[Task directions]: Please keep the images out and set down the data exactly as given.

-=-=-=-=-

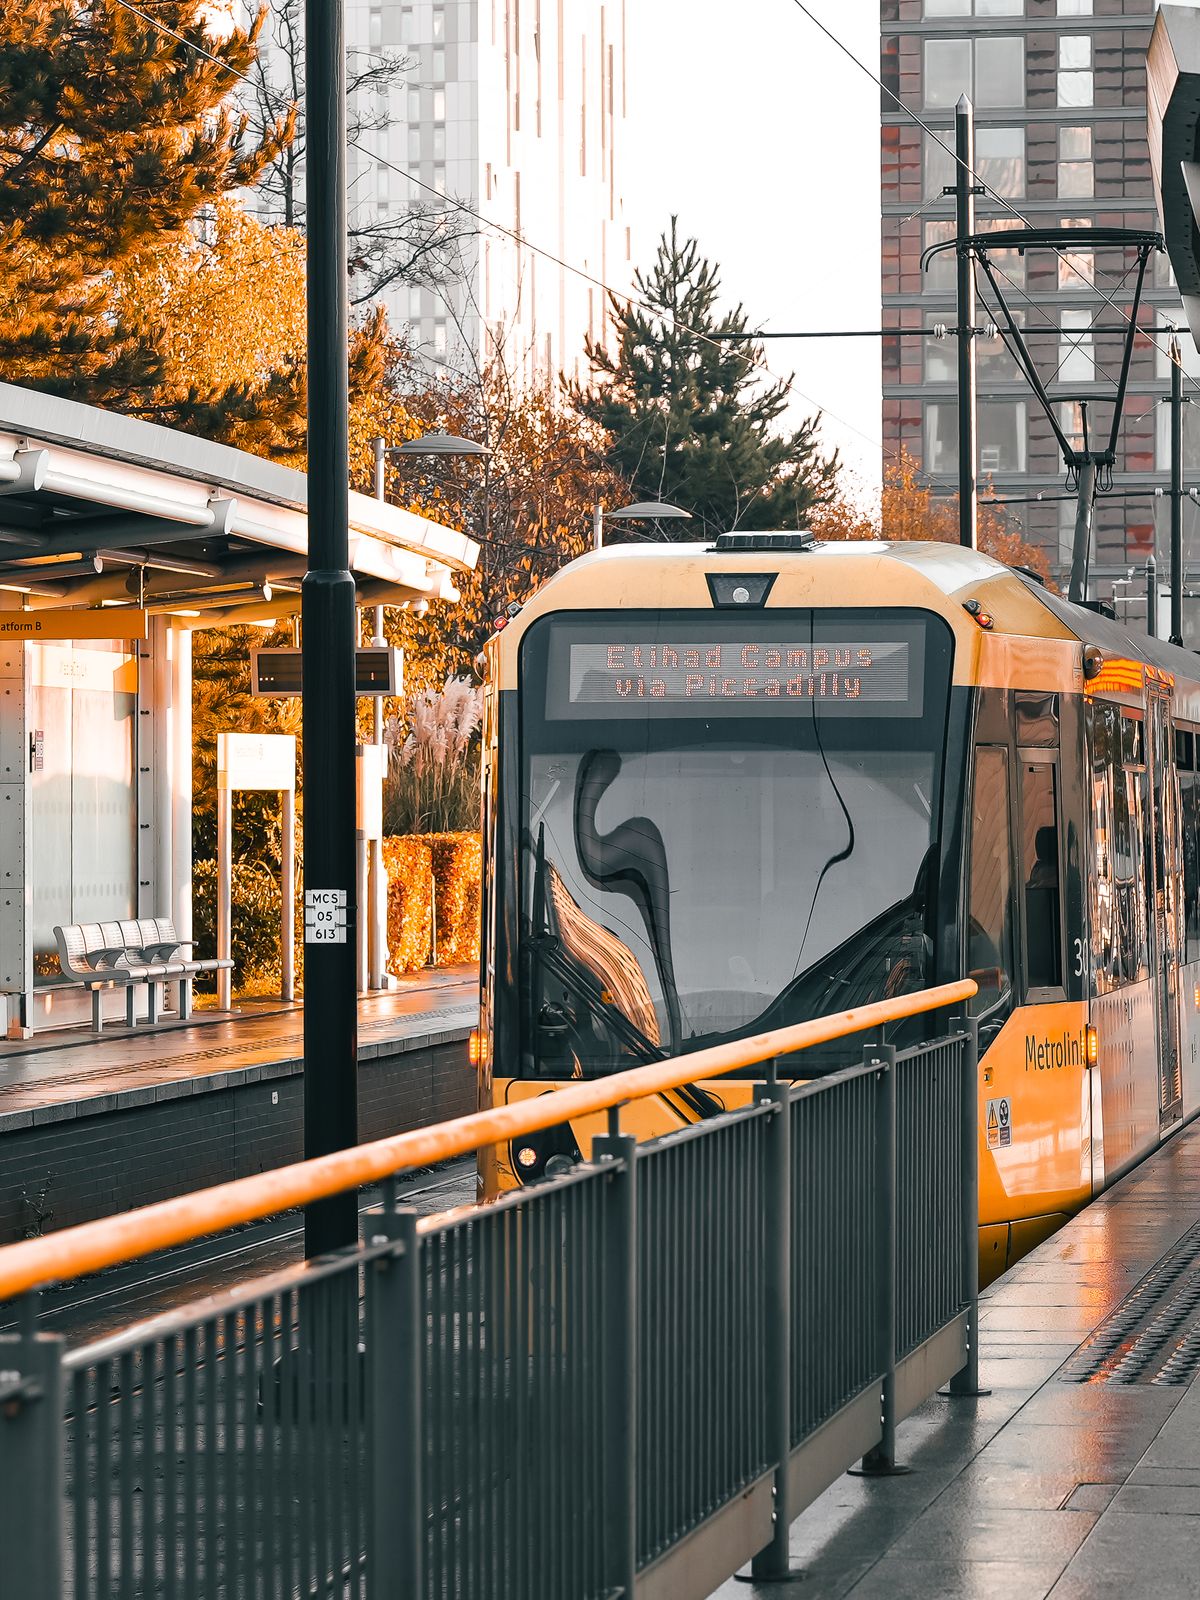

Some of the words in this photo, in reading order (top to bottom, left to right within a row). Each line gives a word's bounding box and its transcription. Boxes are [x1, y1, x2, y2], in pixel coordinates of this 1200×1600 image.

[35, 621, 42, 631] B
[606, 645, 721, 669] Etihad
[740, 644, 873, 670] Campus
[614, 674, 666, 698] via
[685, 673, 861, 699] Piccadilly
[312, 893, 339, 904] MCS
[317, 911, 333, 922] 05
[315, 928, 336, 940] 613

-=-=-=-=-

[Output of the task]:
Some of the words in this photo, in reading order (top to bottom, left to right within a row). Each line gives a word's bounding box and its transcription. Boxes are [x1, y1, x2, y2], in pixel coordinates of this 1200×1600 image.

[35, 621, 42, 631] B
[606, 645, 721, 669] Etihad
[740, 644, 873, 670] Campus
[614, 674, 666, 698] via
[685, 673, 861, 699] Piccadilly
[312, 893, 339, 904] MCS
[317, 911, 333, 922] 05
[315, 928, 336, 940] 613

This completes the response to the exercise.